● Goal of the exercise: Please output every record below exactly as written, leaving out any pictures.

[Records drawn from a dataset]
*** Block opens ***
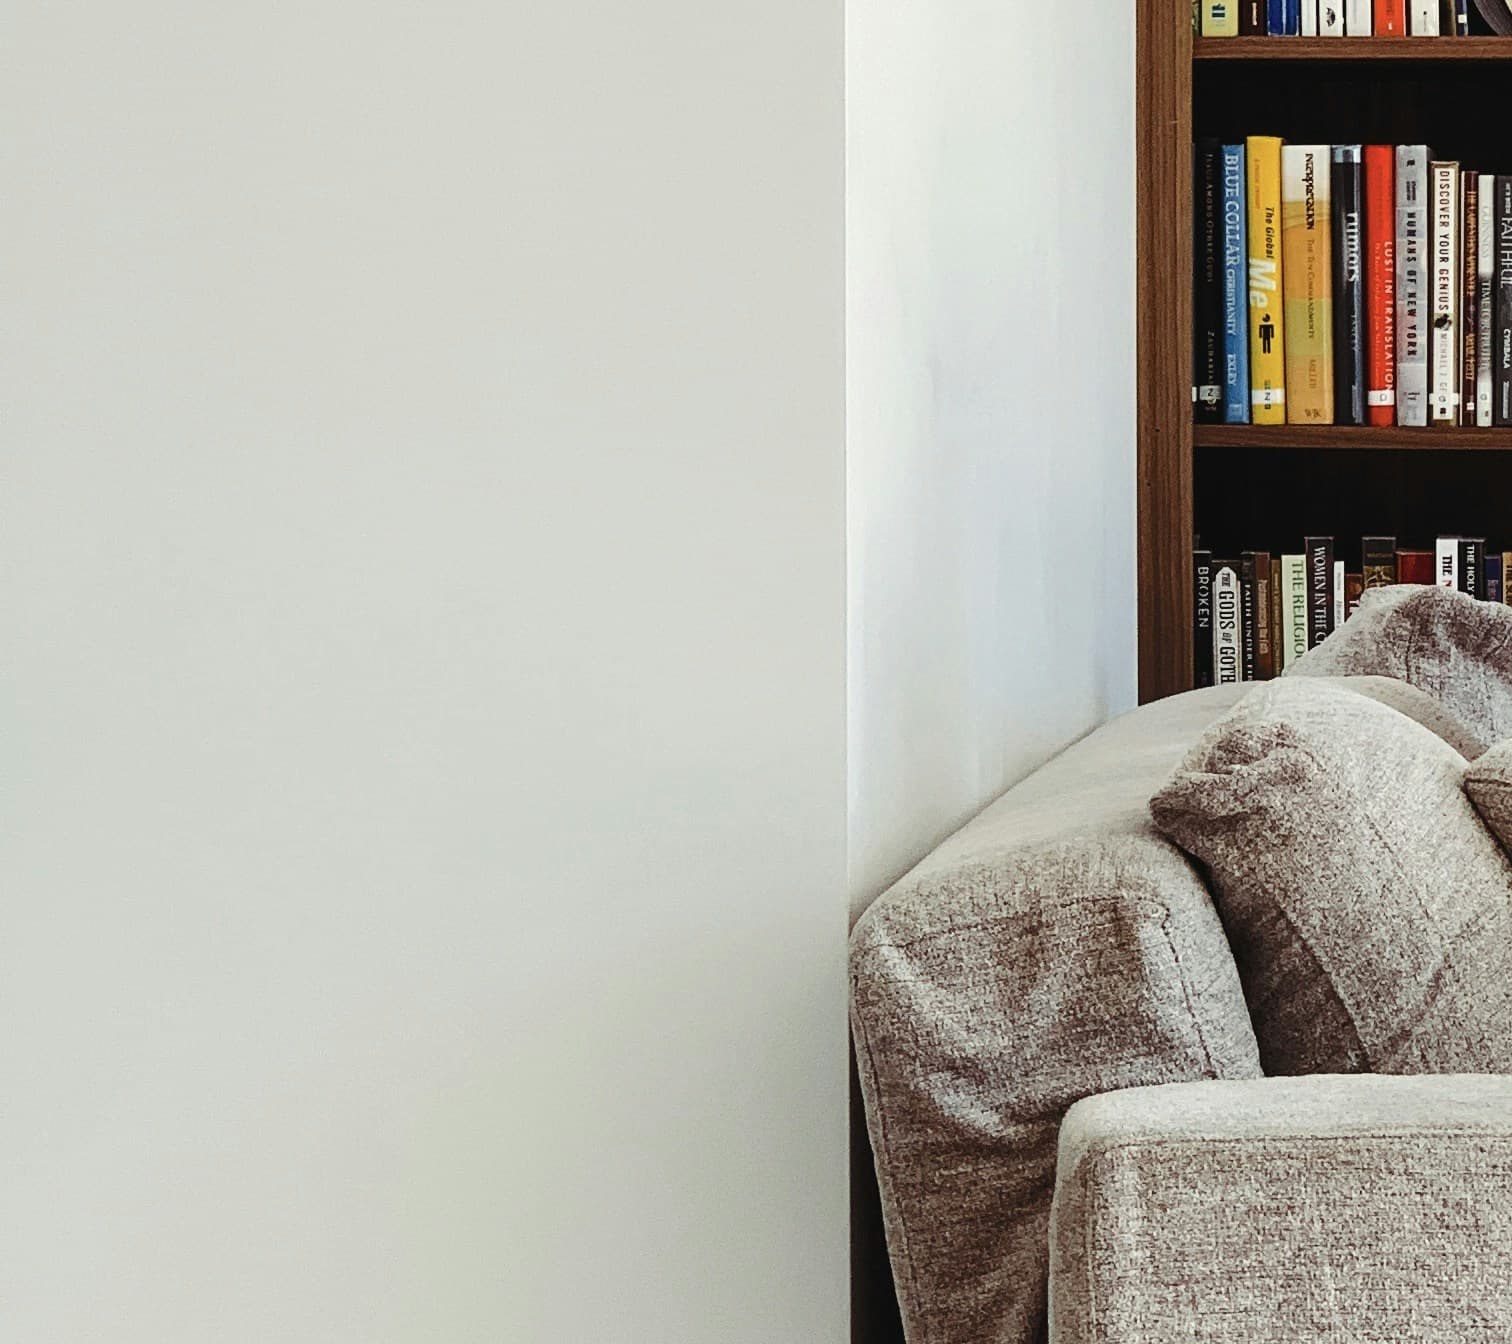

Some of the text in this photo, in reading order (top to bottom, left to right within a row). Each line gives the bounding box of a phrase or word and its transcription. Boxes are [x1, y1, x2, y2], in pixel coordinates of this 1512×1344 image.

[1225, 154, 1239, 386] BLUE COLLAR CHRISTIANITY EXLEY
[1249, 207, 1276, 308] The Global Me
[1438, 170, 1450, 311] DISCOVER YOUR GENIUS
[1197, 566, 1209, 628] BROKEN
[1314, 547, 1326, 630] WOMEN IN THE
*** Block closes ***
● Written solution:
Some of the text in this photo, in reading order (top to bottom, left to right within a row). Each line gives the bounding box of a phrase or word and its transcription. Boxes are [x1, y1, x2, y2], in pixel coordinates of this 1512×1344 image.

[1225, 154, 1239, 386] BLUE COLLAR CHRISTIANITY EXLEY
[1249, 207, 1276, 308] The Global Me
[1438, 170, 1450, 311] DISCOVER YOUR GENIUS
[1197, 566, 1209, 628] BROKEN
[1314, 547, 1326, 630] WOMEN IN THE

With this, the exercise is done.